The entry of several eastern European countries into the EU in May 2004 heightened interest among financial institutions and corporates in the region. However, unlike the relatively standardised environment of western Europe, the east remains a highly diverse region that presents challenges to those wishing to enter the market.

“Eastern European countries are consistently growing and this has attracted the interest of corporates,” says Adolfo Tunon, London-based director, head of receivables at Citigroup Global Transaction Services, Europe, Middle East and Africa. “Also, there has been an increase in trade flows between western Europe and central and eastern Europe, which is attractive for banks that want to explore new opportunities in the region.”

High regulation, high automation

Mark Davies, director of international product management at Royal Bank of Scotland, says some of the currencies and economies in eastern Europe remain highly regulated. “This level of regulation means there’s a lot of paperwork involved in the movement of money. Some clearing systems are less developed but, on the other hand, there are others that are fantastically well developed. These countries were able to skip the legacy systems the west has and go straight for 21st century technologies.”

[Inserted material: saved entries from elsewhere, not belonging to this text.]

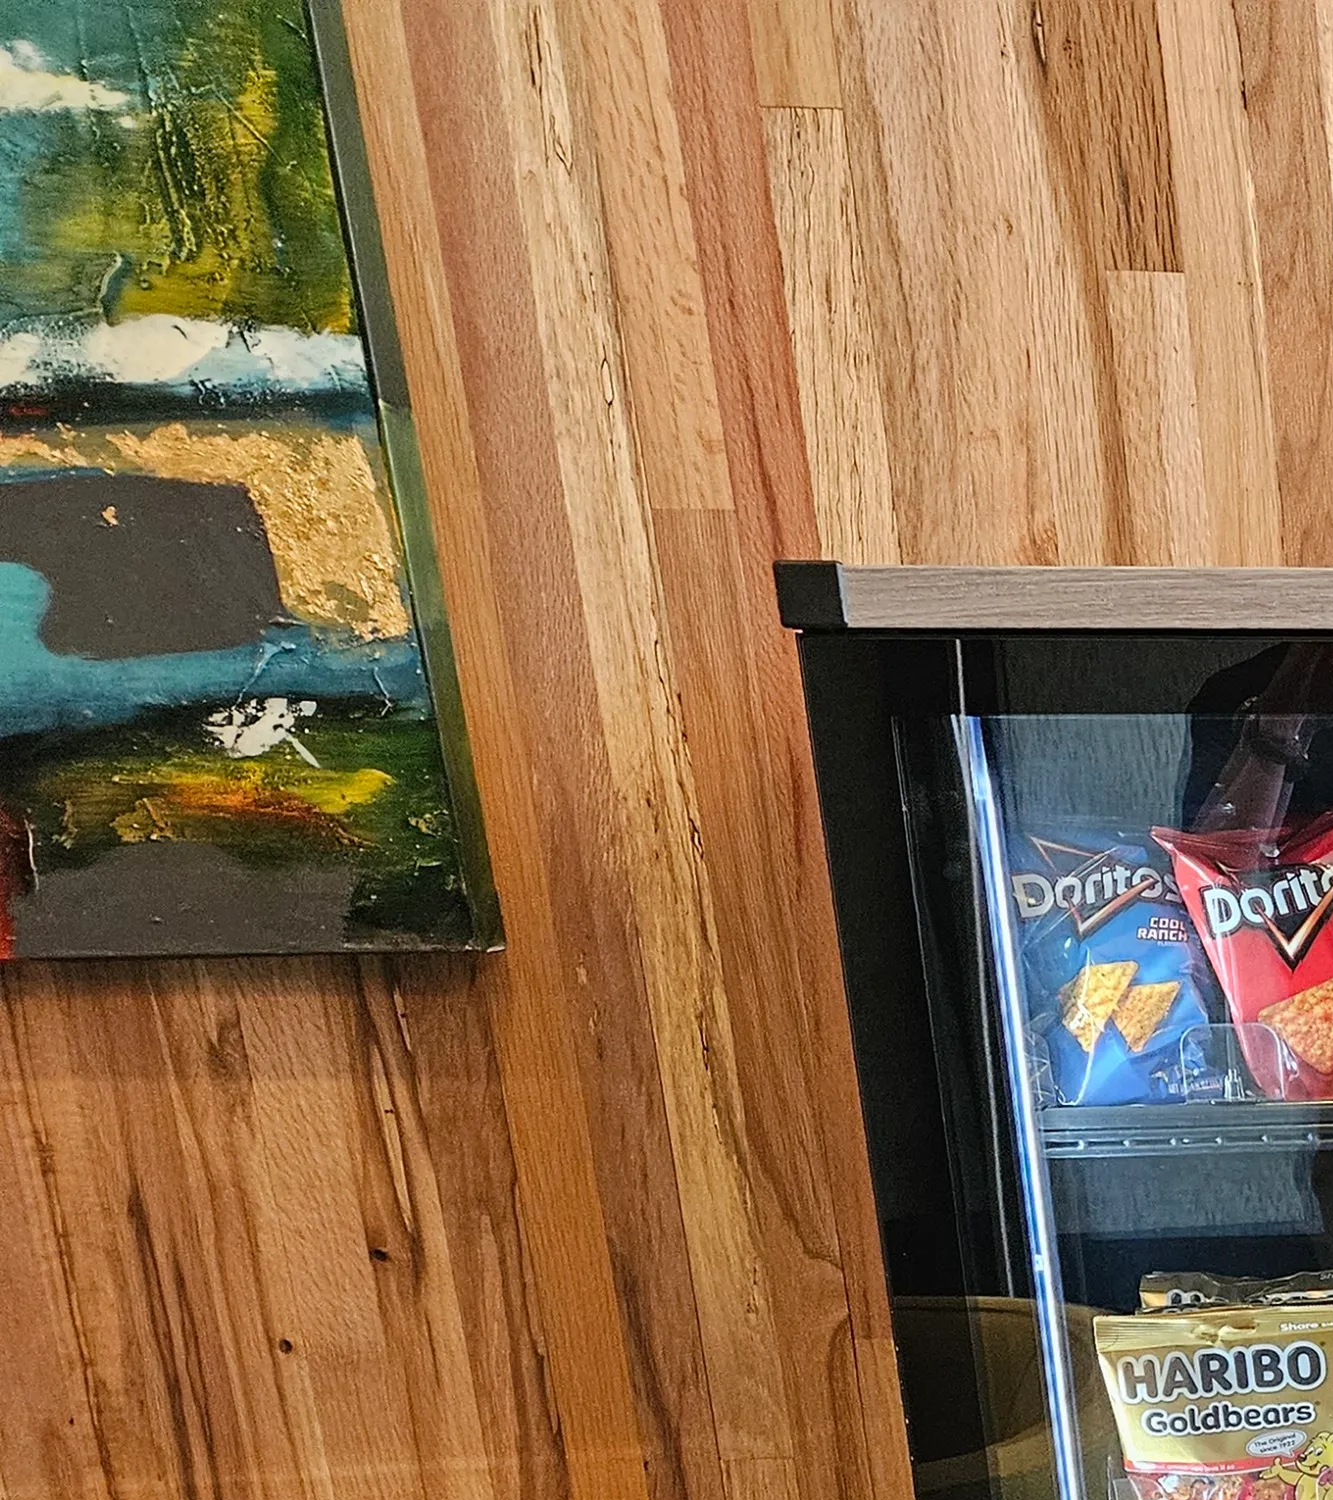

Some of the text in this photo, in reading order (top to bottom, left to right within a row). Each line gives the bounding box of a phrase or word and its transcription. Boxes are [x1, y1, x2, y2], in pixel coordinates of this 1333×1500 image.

[1149, 918, 1186, 930] COOL
[1137, 928, 1188, 942] RANCH
[1279, 1322, 1319, 1333] Share
[1120, 1343, 1325, 1403] HARIBO
[1142, 1402, 1315, 1435] Goldbears
[1269, 1433, 1296, 1445] Original
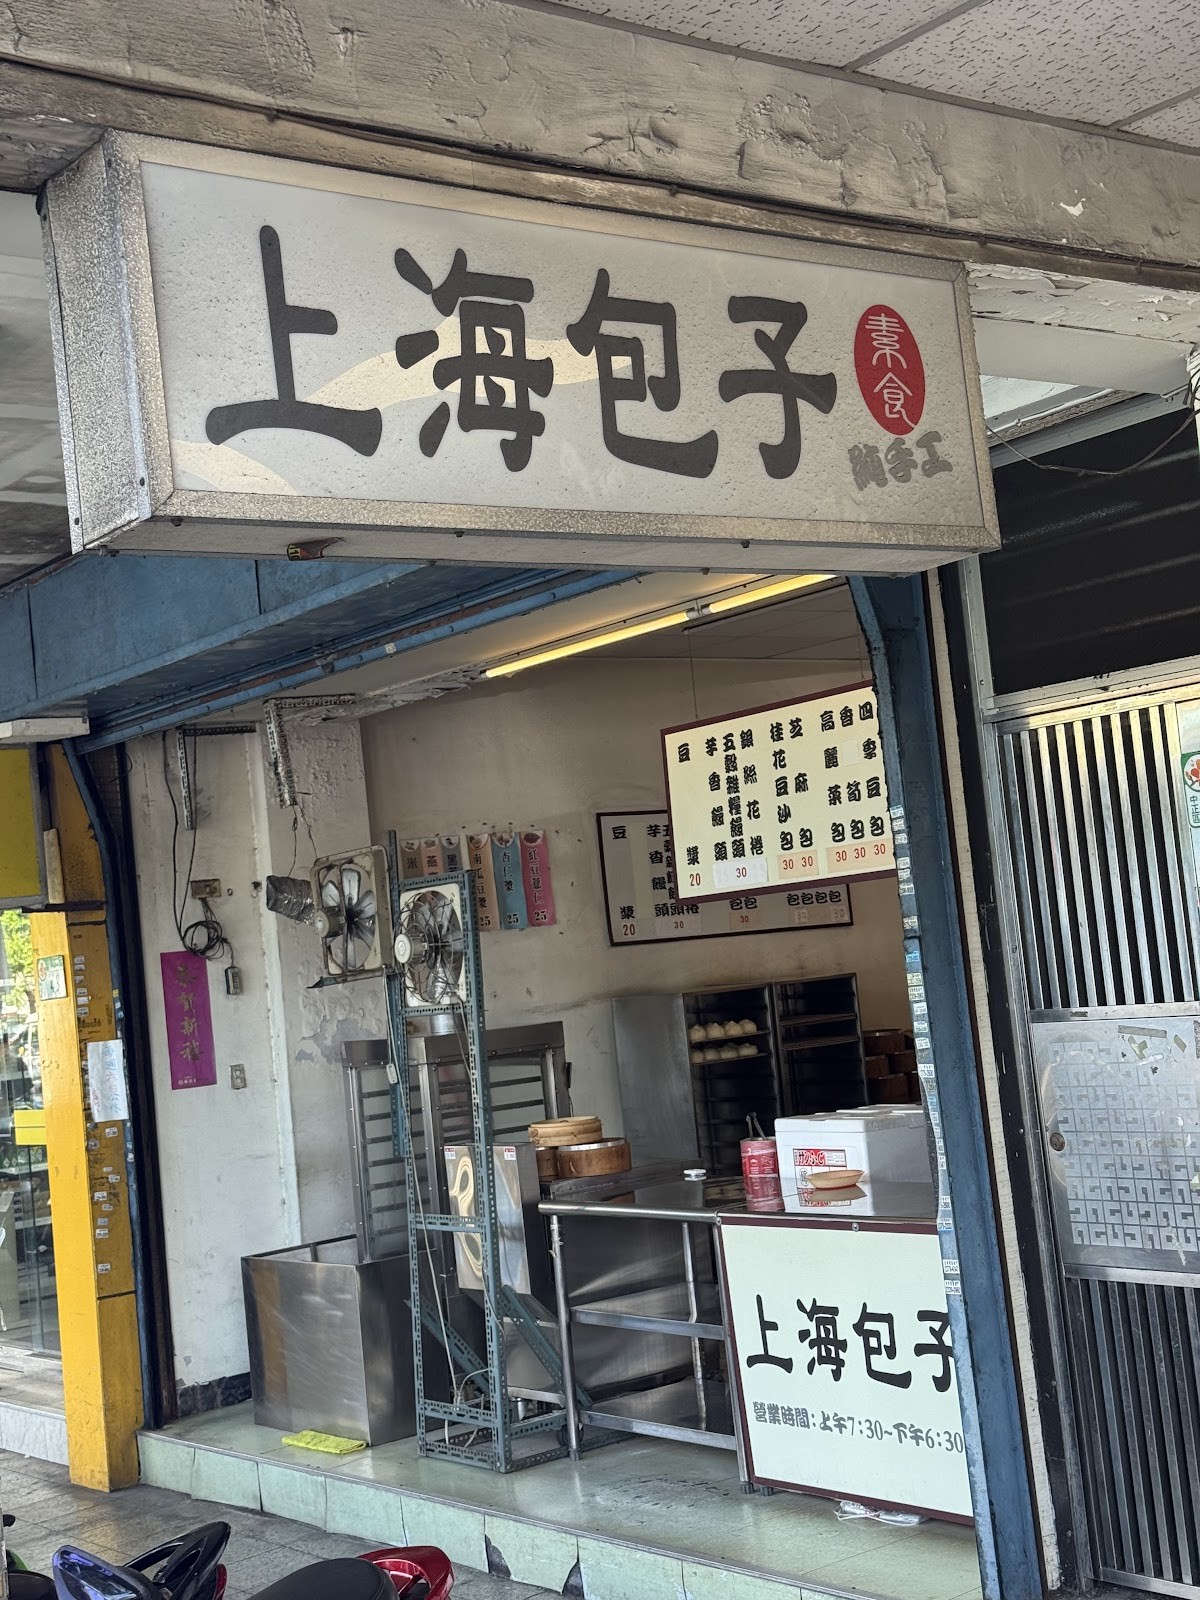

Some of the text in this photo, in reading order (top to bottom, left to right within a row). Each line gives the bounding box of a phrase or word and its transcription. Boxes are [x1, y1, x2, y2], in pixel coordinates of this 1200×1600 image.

[206, 225, 837, 479] 上海包子
[865, 313, 916, 428] 素食
[858, 701, 884, 837] 四季豆包
[769, 721, 793, 851] 桂花豆沙包
[854, 846, 866, 859] 30
[873, 843, 886, 856] 30
[802, 855, 814, 868] 30
[836, 850, 847, 863] 30
[783, 859, 794, 870] 30
[736, 867, 747, 878] 30
[690, 872, 701, 887] 20
[480, 915, 491, 926] 25
[506, 913, 519, 924] 25
[534, 910, 547, 921] 25
[740, 915, 749, 923] 30
[623, 923, 636, 936] 20
[674, 920, 684, 929] 30
[747, 1294, 954, 1393] 上海包子

The high levels of automation in some countries have proven to be an advantage, says Mr Tunon. “Most payables and receivables transactions in eastern Europe are done electronically. There are very few cheques or paper instruments being used.”

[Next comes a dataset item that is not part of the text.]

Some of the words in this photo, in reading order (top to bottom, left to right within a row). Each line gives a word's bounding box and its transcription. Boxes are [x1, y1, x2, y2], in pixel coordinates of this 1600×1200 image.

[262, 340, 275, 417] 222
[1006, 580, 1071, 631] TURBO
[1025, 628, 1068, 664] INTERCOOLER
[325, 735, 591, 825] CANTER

This characteristic makes the region particularly attractive for corporates and banks that want to reduce costs, he says. “In the early 1990s, nearly all of the central and eastern European countries adopted an electronic approach to most banking transactions and we are now seeing the benefits of that.”

There are distinct differences from western European market practice, says Brian Moran, vice-president, senior product manager, JPMorgan Treasury Services. “There is little or no use of cheques in most eastern European countries, for example.”

Mr Moran says that many of JPMorgan’s clients usually target the most deregulated countries and those with the largest economies first, when considering integration of the region in a pan-European treasury management structure. These countries include the Czech Republic, Poland and Hungary.

Further east

Russia has a large economy but is highly regulated and corporates tend to treat it as a separate entity, rather than trying to integrate it with the rest of Europe.

“Foreign companies still face considerable money laundering and know-your-customer requirements in Russia. Some companies are putting structures in place in Russia that reflect what they are doing in the rest of Europe, with the idea that ultimately they will be able to standardise and run the operations from outside the country in the future,” says Mr Moran.

Shared service centres

The growing attraction to eastern Europe is reflected in the number of shared services centres that are being set up in the region. The attraction is a well educated but low-cost workforce.

ING, which entered into an agreement with JPMorgan in 2002 to offer integrated, pan-European and global treasury management solutions, operates a shared service centre in Hungary.

Mr Moran says some corporates are already operating shared service centres in eastern Europe, and that JPMorgan’s clients in Europe and the US are expressing interest in setting up centres. “There are regulatory differences and other challenges in locating shared service centres in the region. As a bank, we need to make the process as painless as possible and to ensure that risk is controlled.”

Mr Tunon agrees that there are signs that some western European companies want to set up shared service centres in eastern Europe. “These moves are driven by a desire for cost efficiency. In some cases companies are moving their shared service centre into eastern Europe, while others are starting from scratch and centralising their treasury activities in the region.”